● Task directions: The copy you return must match the listing word for word and carry no pictures.
┄┄┄┄┄┄┄┄┄┄
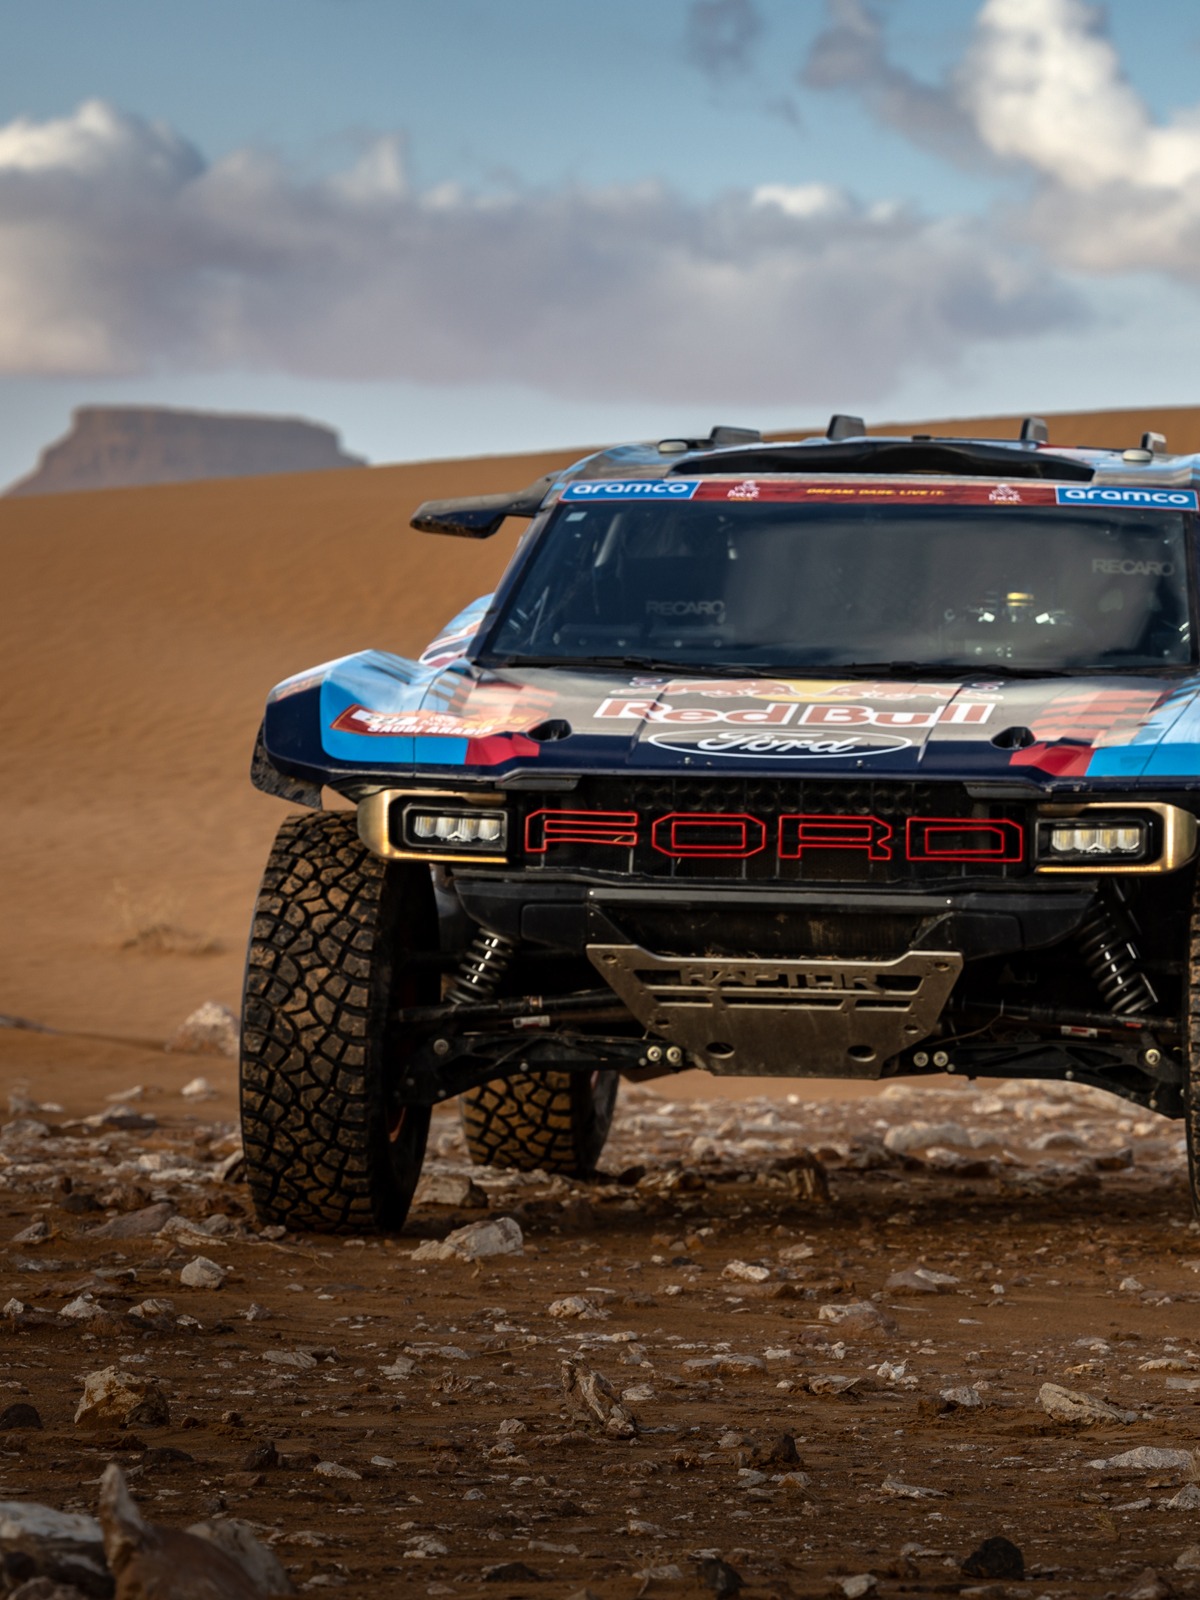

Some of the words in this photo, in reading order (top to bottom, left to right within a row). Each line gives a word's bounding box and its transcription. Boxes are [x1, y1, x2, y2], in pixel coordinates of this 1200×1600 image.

[572, 482, 689, 495] aramco
[1065, 489, 1189, 504] aramco
[1092, 559, 1175, 576] RECARO
[646, 600, 725, 616] RECARO
[593, 698, 797, 726] Red
[798, 703, 996, 727] Bull
[697, 731, 863, 753] Ford
[524, 809, 1024, 862] FORD
[680, 969, 886, 995] RAPTOR
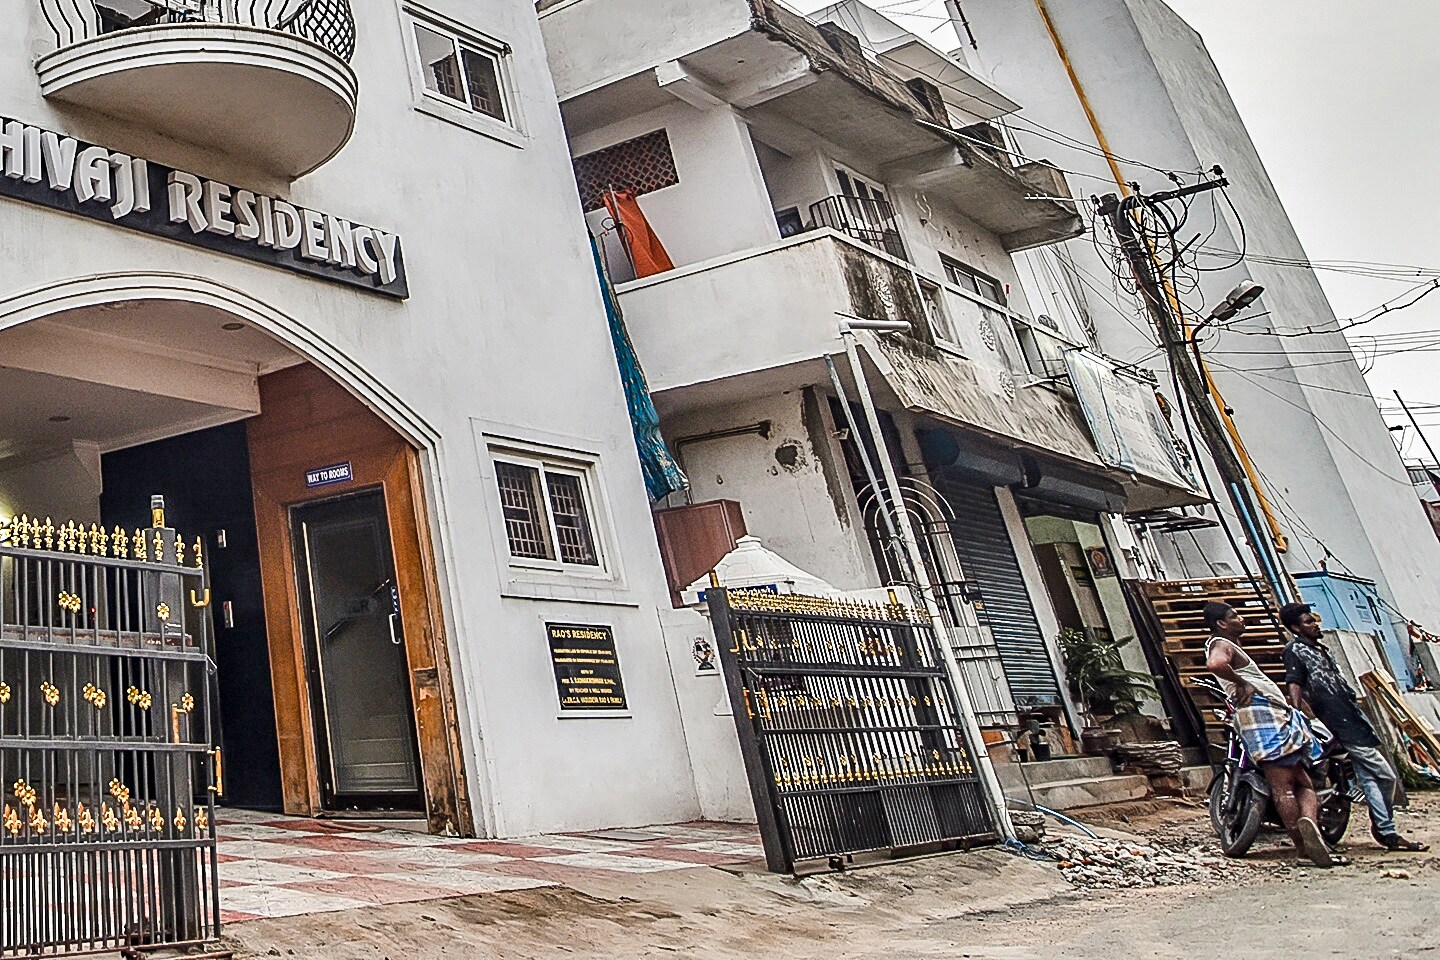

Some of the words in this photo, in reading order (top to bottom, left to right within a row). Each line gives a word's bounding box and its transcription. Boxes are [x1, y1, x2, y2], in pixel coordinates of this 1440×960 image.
┄┄┄┄┄┄┄┄┄┄
● Response area:
Some of the words in this photo, in reading order (top to bottom, left to right within a row). Each line gives a word's bounding box and its transcription. Boxes are [x1, y1, x2, y2], in pixel coordinates of this 1200×1600 image.

[572, 482, 689, 495] aramco
[1065, 489, 1189, 504] aramco
[1092, 559, 1175, 576] RECARO
[646, 600, 725, 616] RECARO
[593, 698, 797, 726] Red
[798, 703, 996, 727] Bull
[697, 731, 863, 753] Ford
[524, 809, 1024, 862] FORD
[680, 969, 886, 995] RAPTOR

Some of the words in this photo, in reading order (top to bottom, left to right within a row). Each line gives a word's bounding box and its transcription. Boxes are [x1, y1, x2, y2], in pixel coordinates of this 1440×960 image.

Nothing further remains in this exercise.